These days, anyone who sniffles or sneezes may be quick to get a side-eye from those around them. They may proclaim, “It’s just allergies!” but in 2020, any symptoms could be seen as suspect.
As we guard ourselves and our families against COVID-19, it’s hard to take anyone at their word. And rightfully so, since so many symptoms are crossovers between COVID-19, the flu, a cold and seasonal allergies.
In years past, we’d often chalk up common symptoms like fatigue, congestion and a runny nose to a littleillness that would pass with chicken noodle soup and a few days on the couch. This year, the stakes are higher. So when you or a loved one is sick, how do you know what you have or how to treat it?
The doctors at Tryon Medical Partners have been on the front lines of COVID-19 from the beginning. Just days after the first positive case in Charlotte, they opened their first satellite clinic for testing and evaluation. Since then, Tryon healthcare experts have tested thousands, even dispatching teams to care for essential workers, making sure vital businesses could continue to operate safely and serve our community.

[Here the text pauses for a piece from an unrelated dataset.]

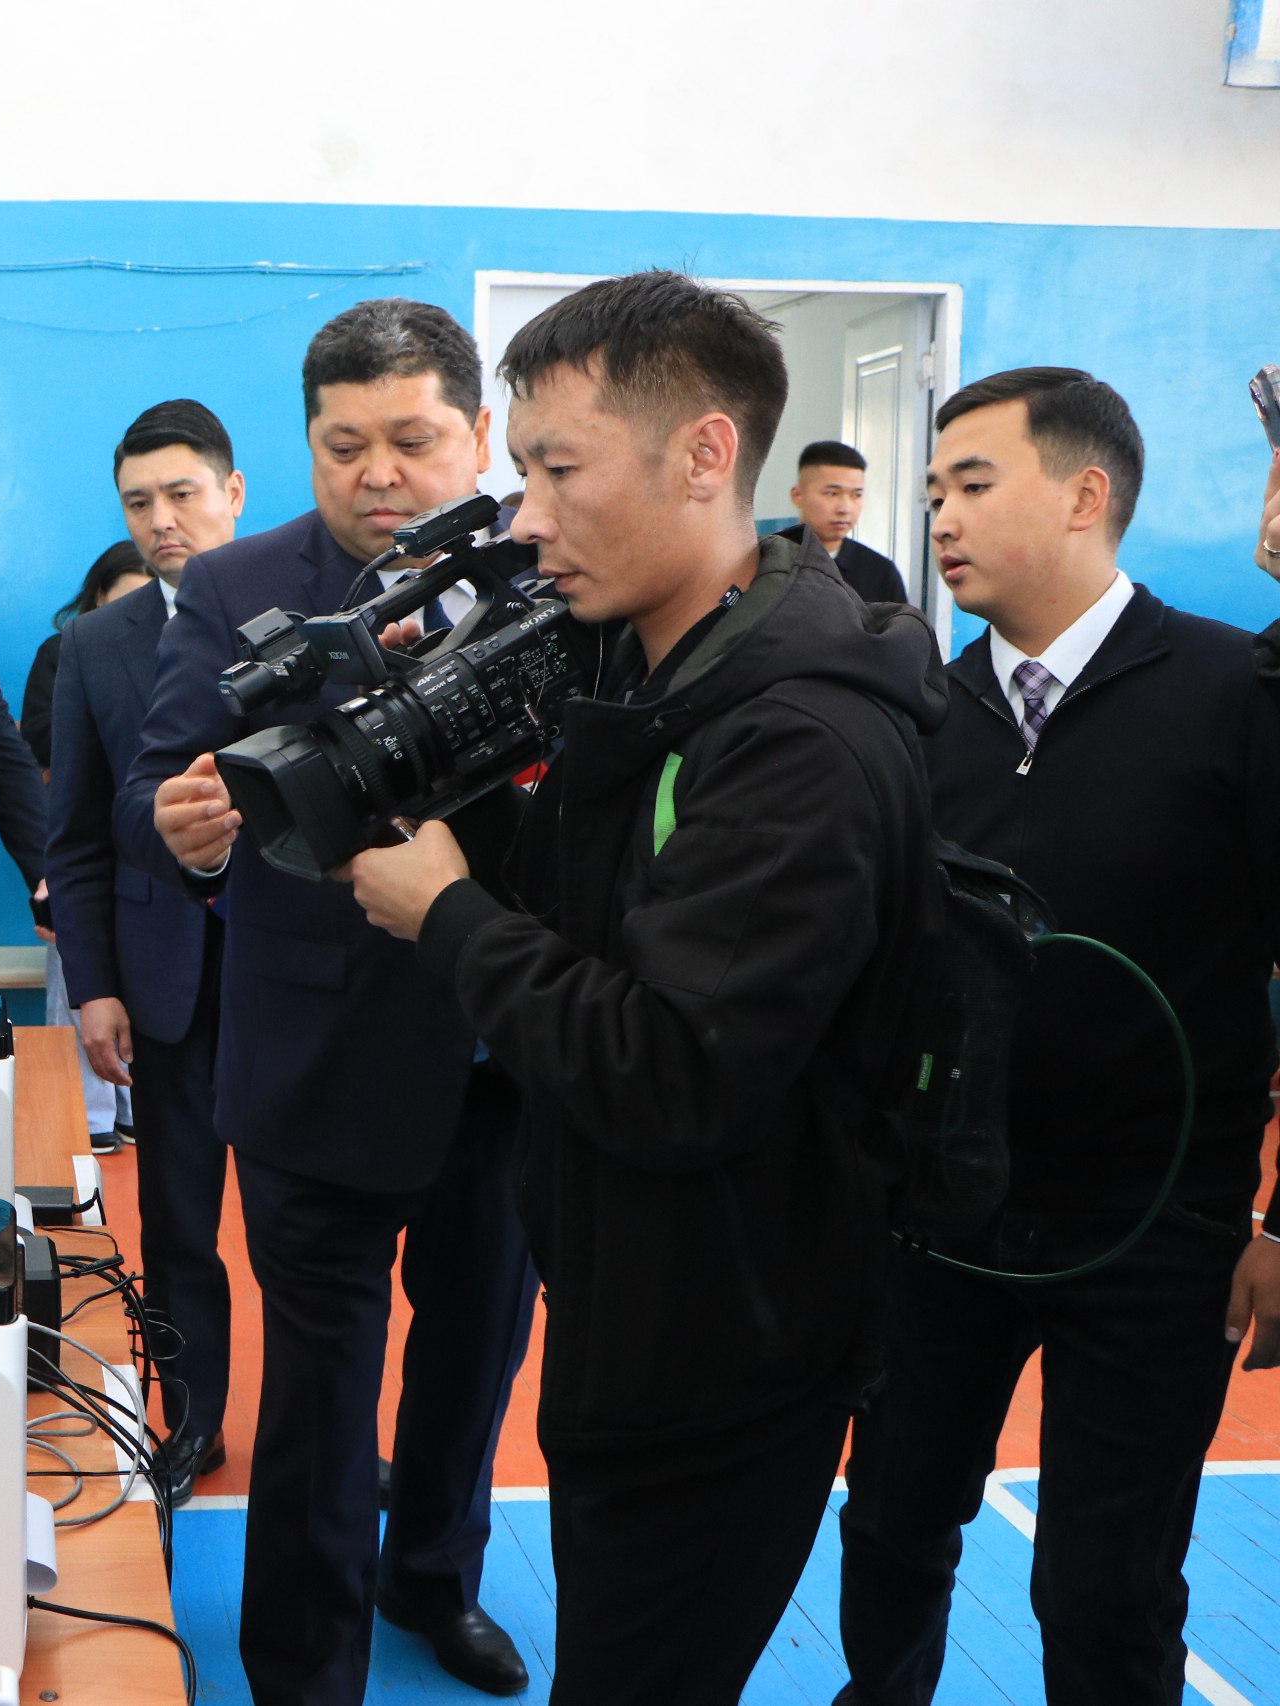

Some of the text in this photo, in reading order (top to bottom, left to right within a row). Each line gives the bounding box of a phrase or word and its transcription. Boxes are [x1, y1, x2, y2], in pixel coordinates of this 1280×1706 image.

With all this experience evaluating symptoms and caring for patients, the doctors at Tryon share more about how to manage symptoms when they occur in your own family. They also stress that, in times of uncertainty, doctors are available via virtual visit or Virtual Urgent Care to assess your particular needs.
COVID-19 vs. Flu
COVID-19 and the flu are both respiratory illnesses, but they are caused by different viruses. Similarly, both can cause severe illness or result in an asymptomatic status, meaning a person is infected but shows no symptoms. Fever, cough, fatigue, headaches, muscle and body aches, and a runny nose or congestion are all shared symptoms of COVID-19 and the flu. But one series of symptoms remains specific to COVID-19: the loss of taste and smell.
Tryon doctors are currently conducting research on a COVID-19 vaccine right here in Charlotte. While COVID-19 is understandably dominating the headlines, that flu vaccines are available now and remain the best way to prevent getting the flu.
COVID-19 vs. Cold
Like COVID-19 and the flu, a common cold is also caused by a respiratory virus, most often the rhinovirus, known to trigger asthma attacks and sinus and ear infections. Colds result in symptoms that are often far less severe than COVID-19, cause relatively minor complications, and are likely to go away on their own.
With a cold, you are less likely to have a fever and the symptoms that accompany fever, like chills, fatigue, weakness and body aches. A sore throat and runny nose are most common in the early onset of a cold. While there are tests for COVID-19 and the flu, there are none for the common cold.
COVID-19 vs. Allergies
The warmer temperatures in the south make Charlotte a long-suffering region for those with allergies. Even worse, fall allergies tend to arrive at the same time as cold and flu season. Allergies have a sudden onset, while symptoms of COVID-19 present more gradually. Fever does not accompany allergies, nor do fever-related symptoms. Allergy sufferers are most likely to find themselves with headaches, sneezing, sore throat, stuffy nose and a dry cough.
There are medicines and various methods of reducing allergy symptoms that Tryon physicians often recommend. Your internal medicine doctor can work to create a treatment plan unique to your allergies and symptoms.
While the root of your symptoms may not always be clear without consulting your physician, the good news is the techniques we’ve all learned for COVID-19 prevention apply to flu and colds, too. By washing your hands, staying socially distant and wearing masks, we can all work to prevent the spread of respiratory illnesses.
Getting Tested – Which Test to Choose and When
If you or a loved one are experiencing COVID-19 symptoms, the first reaction is often to want a test immediately using the method that returns the fastest results. But by following this logic, you may be risking the sensitivity and, thus, the accuracy of the test.
Through their experience, Tryon has developed specific testing suggestions to deliver the best, most accurate results. They recommend those who are symptomatic self-quarintine and wait three days before being tested. That allows enough genetic copies of the virus to exist and be picked up by the test. The only test Tryon uses is the nasopharyngeal swab, which is inserted up the nose and into the back of the nasal cavity. Some patients can be wary about this test as opposed to the anterior nasal test, which involves inserting a small cotton swab up both nasal cavities and can be found at most pharmacy chains. However, the anterior nasal tests have lower sensitivity than nasopharyngeal swabs. Plus, nasopharyngeal tests should not be painful if performed by an experienced provider. They often just feel as though you’ve gotten water up your nose.
Despite all the uncertainty of common symptoms between COVID-19, flu, colds and allergies, you can rest easier and make the best choices for your family when you have a trusted physician on your side. Tryon assures us that it’s important to continue getting the everyday care you need in order to stay healthy and that your internal medicine doctor is here for you in times of sickness and health.